Magnesium: The Mineral For Getting More ZZZZZ’s
Nearly 60% of Americans don’t get enough magnesium. If you have trouble sleeping, you may want to think about getting more of this mineral in your diet or from a supplement.
You may know that the liver is the workhorse of the digestive system and the most complex organ in the human body, responsible for performing approximately 500 functions in the body, perhaps much more than that. Well, consider magnesium the liver of the nutrient world. Magnesium is also needed to perform hundreds of biochemical reactions.
Many people know that this critical mineral is needed for normal nerve and muscle function. Got cramps at night? Get more magnesium in your diet. Playing a role in preserving bone density and maintaining a normal heart beat are a couple other tasks for which magnesium is well known.
But fewer people are aware of the fact that magnesium can help improve sleep quality. In fact, a 2012 study published in the Journal of Research in Medical Sciences examined the effects of magnesium on sleep.
As the researchers pointed out, nearly 50% of older adults have insomnia, or with difficulty falling asleep, waking up too early, or feeling unrefreshed upon waking. As we age, our circadian rhythms can be negatively altered. Also, the aging process typically causes a decline in nutrient absorption, including magnesium.
Magnesium’s role in sleep
Magnesium helps induce more restful sleep by helping the brain relax. If you’re somebody who has trouble thinking too much at night, try meditation and magnesium. So how does magnesium affect brain activity? As the researchers explain, it is an agonist of gamma-aminobutyric acid, or GABA for short. GABA is a neurotransmitter. Your brain has GABA receptors and magnesium binds to those receptors and stimulates them. The more that magnesium stimulates the GABA receptors, the more relaxed your brain activity will be.So the researchers put the theory to the test. The test was small, involving only 46 seniors, but the results were very encouraging. The seniors who took a 500 mg dose of magnesium every day for two months showed dramatically improved sleep quality markers. The researchers concluded that supplementation of magnesium appears to improve sleep time, the time it takes to fall asleep, wake-up time, and it also improved serum levels of renin, which is a hormone that helps normalize blood pressure. Not only that but magnesium was shown to improve levels of melatonin and cortisol.

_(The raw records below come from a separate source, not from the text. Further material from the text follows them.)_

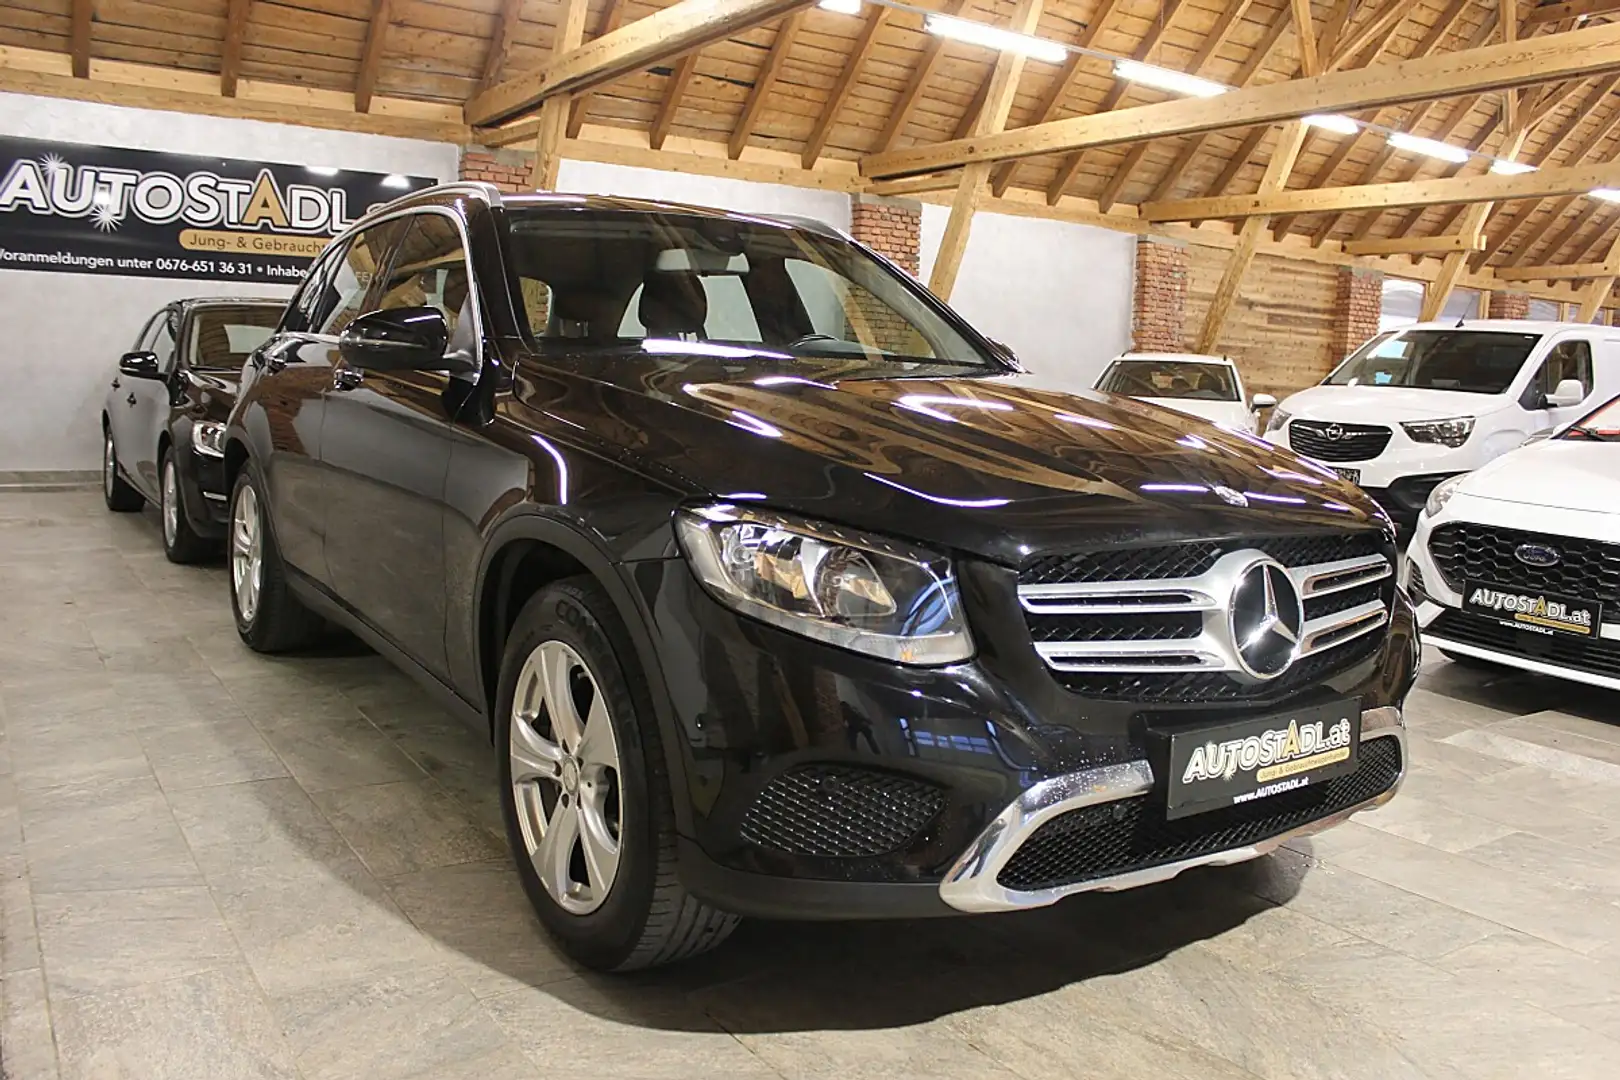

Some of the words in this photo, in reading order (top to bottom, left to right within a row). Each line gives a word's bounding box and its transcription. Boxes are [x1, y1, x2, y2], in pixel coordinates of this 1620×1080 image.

[189, 233, 231, 250] Jung-
[236, 236, 248, 249] &
[118, 257, 153, 269] unter
[156, 258, 215, 272] 0676-651
[218, 261, 235, 274] 36
[237, 263, 253, 275] 31
[1469, 587, 1591, 626] AUTOSTADL.at
[1182, 718, 1350, 784] AUTOSTADL.at
[1233, 776, 1309, 804] www.AUTOSTADL.at
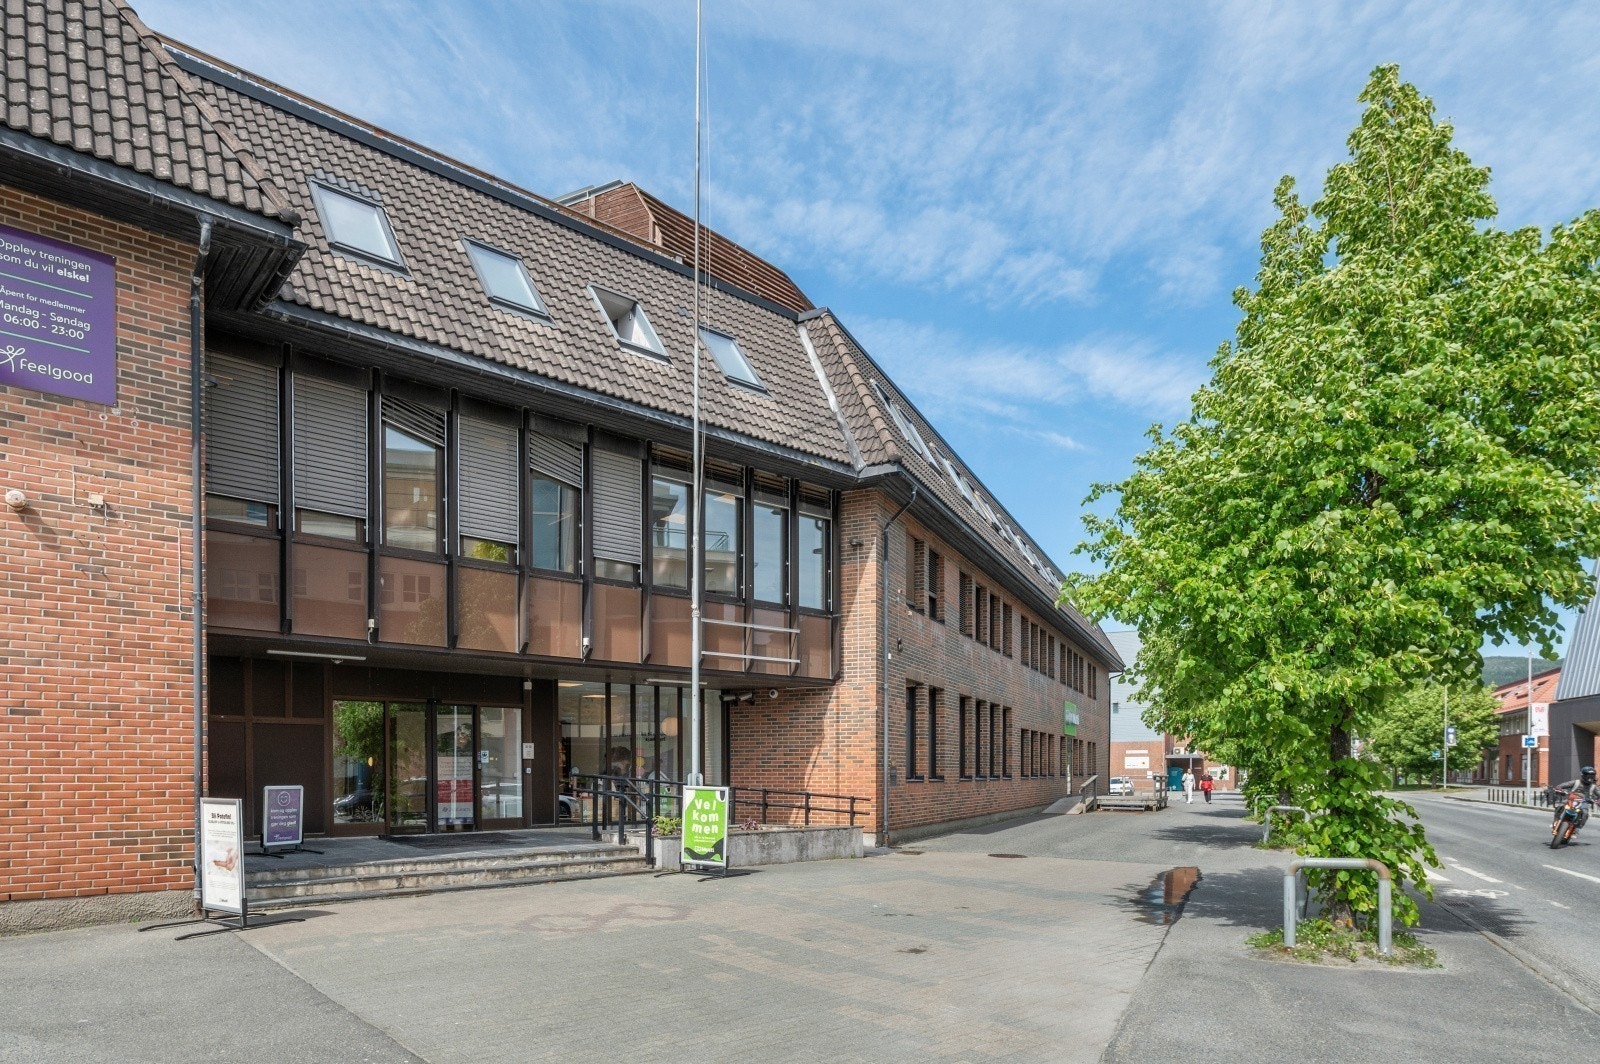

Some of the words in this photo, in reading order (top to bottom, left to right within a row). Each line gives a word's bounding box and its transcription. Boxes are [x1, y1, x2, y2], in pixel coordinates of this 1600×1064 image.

According to the U.S. Department of Agriculture, 57% of Americans are deficient in magnesium. It’s no wonder then that so many people have trouble with sleep. Now, we can’t draw definitive conclusions from one small research study. But the hypothesis that magnesium helps calm brain activity and therefore leads to better sleep outcomes makes sense on paper.
Is a Magnesium Supplement Necessary?
After reading the statistic from the USDA above that nearly 60% of Americans don’t get enough magnesium from food, you would think that the government would recommend taking a supplement.

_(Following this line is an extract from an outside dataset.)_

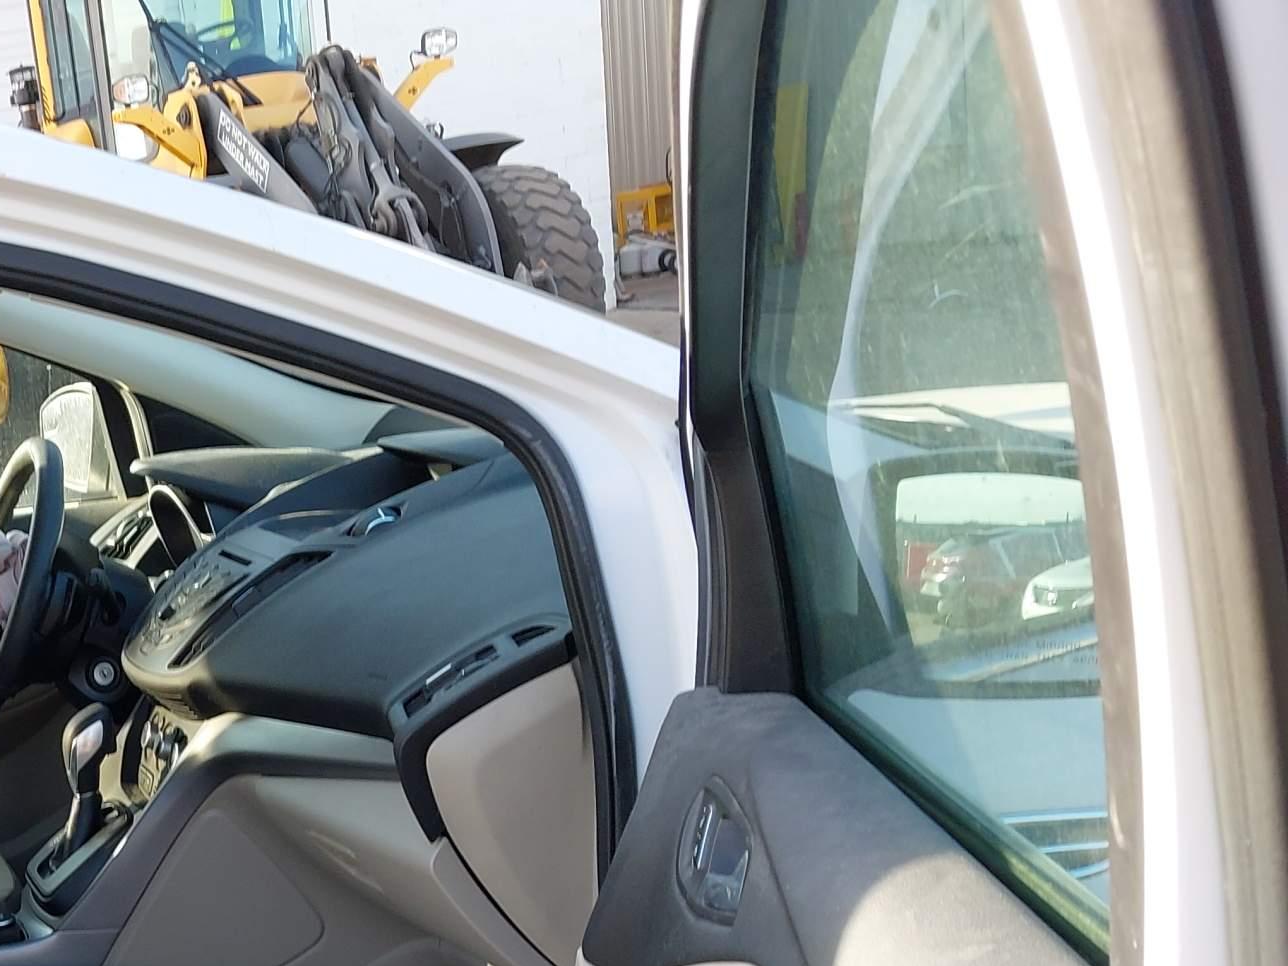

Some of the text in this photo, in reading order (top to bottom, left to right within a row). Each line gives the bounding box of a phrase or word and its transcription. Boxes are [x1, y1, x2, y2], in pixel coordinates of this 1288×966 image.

[219, 109, 269, 174] DO NOT WALK
[222, 131, 264, 186] UNDER MAST

Yet check out what the National Institutes of Health’s Library of Medicine says about magnesium supplementation:
“There is ongoing research into the role of magnesium in preventing and managing disorders such as high blood pressure, heart disease, and diabetes. However, taking magnesium supplements is not currently advised.”
Well, perhaps a second opinion is warranted. Actually, most mainstream medical websites urge caution against taking a magnesium supplement, mainly for two reasons:
First, it’s because a true magnesium deficiency is rare. However, while that may be true, a lack of a true deficiency doesn’t mean that you have optimum levels to stimulate GABA receptors in the brain. And secondly, mainstream health websites suggest that taking too much magnesium can backfire.
While it’s true that taking excess magnesium can cause problems like diarrhea or worsen chronic kidney problems, the vast majority of people who take a supplement and follow the dosing instructions will not experience negative side effects.
Best Form of Magnesium for Sleep
There are different forms of magnesium, i.e. citrate, chloride, sulfate and glycinate. So which one might be the best one for sleep support. For starters, try magnesium sulfate but don’t swallow it. That’s because magnesium sulfate is better known as Epsom Salt. Taking a warm Epsom Salt bath every night before bed will help your body relax.
The next best form of magnesium to take, one which you can swallow, is magnesium glycinate. The reason why is because “glycinate” is derived from the amino acid, glycine, which also helps stimulate GABA receptors.
Best Magnesium Foods
According to the Cleveland Clinic, men should strive to consume about 400 mg of magnesium from food every day while an optimal daily value for women is slightly more than 300 mg.
The top 5 magnesium-rich foods according to Cleveland Clinic are:
- Pumpkin seed - kernels: Serving Size 1 oz, 168 mg
- Almonds, dry roasted: Serving Size 1 oz, 80 mg
- Spinach, boiled: Serving Size ½ cup, 78 mg
- Cashews, dry roasted: Serving Size 1 oz, 74 mg
- Pumpkin seeds in shell: Serving Size 1 oz, 74 mg
Dark, leafy greens and cruciferous veggies along with nuts and seeds are the best sources of magnesium. As always, it’s best to get essential nutrients from food. But if you have trouble with sleep, perhaps taking a magnesium supplement should be what the doctor orders.